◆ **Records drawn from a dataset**
=== Begin Enclosure ===

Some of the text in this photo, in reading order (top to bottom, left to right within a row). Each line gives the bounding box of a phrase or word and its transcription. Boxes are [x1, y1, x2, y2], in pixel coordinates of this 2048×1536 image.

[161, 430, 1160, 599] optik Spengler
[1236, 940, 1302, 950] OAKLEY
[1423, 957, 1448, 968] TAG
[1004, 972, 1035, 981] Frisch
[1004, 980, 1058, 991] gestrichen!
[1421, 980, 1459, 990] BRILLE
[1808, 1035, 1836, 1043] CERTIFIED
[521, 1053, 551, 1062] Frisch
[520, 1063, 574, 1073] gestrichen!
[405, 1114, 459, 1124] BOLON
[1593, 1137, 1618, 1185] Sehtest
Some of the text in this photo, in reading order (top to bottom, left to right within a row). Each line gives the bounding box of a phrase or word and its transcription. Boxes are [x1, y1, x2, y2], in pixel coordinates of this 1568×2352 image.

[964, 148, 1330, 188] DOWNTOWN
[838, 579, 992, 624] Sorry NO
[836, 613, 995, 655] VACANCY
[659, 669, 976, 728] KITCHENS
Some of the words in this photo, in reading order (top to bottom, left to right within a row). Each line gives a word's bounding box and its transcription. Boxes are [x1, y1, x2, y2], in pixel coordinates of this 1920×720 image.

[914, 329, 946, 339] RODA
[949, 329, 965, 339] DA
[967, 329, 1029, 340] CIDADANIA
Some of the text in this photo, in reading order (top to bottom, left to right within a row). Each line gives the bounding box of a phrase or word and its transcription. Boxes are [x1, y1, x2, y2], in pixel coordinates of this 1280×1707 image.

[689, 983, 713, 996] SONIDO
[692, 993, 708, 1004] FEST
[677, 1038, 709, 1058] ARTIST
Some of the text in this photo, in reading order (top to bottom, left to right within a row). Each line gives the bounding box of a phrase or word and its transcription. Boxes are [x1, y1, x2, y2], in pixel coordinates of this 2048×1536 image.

=== End Enclosure ===

◆ **Your goal**
Only these lines should appear in the reply: the one containing "Some of the words", the last line of the data, and all lines between them, each copied exactly.

◆ **Solution below**
Some of the words in this photo, in reading order (top to bottom, left to right within a row). Each line gives a word's bounding box and its transcription. Boxes are [x1, y1, x2, y2], in pixel coordinates of this 1920×720 image.

[914, 329, 946, 339] RODA
[949, 329, 965, 339] DA
[967, 329, 1029, 340] CIDADANIA
Some of the text in this photo, in reading order (top to bottom, left to right within a row). Each line gives the bounding box of a phrase or word and its transcription. Boxes are [x1, y1, x2, y2], in pixel coordinates of this 1280×1707 image.

[689, 983, 713, 996] SONIDO
[692, 993, 708, 1004] FEST
[677, 1038, 709, 1058] ARTIST
Some of the text in this photo, in reading order (top to bottom, left to right within a row). Each line gives the bounding box of a phrase or word and its transcription. Boxes are [x1, y1, x2, y2], in pixel coordinates of this 2048×1536 image.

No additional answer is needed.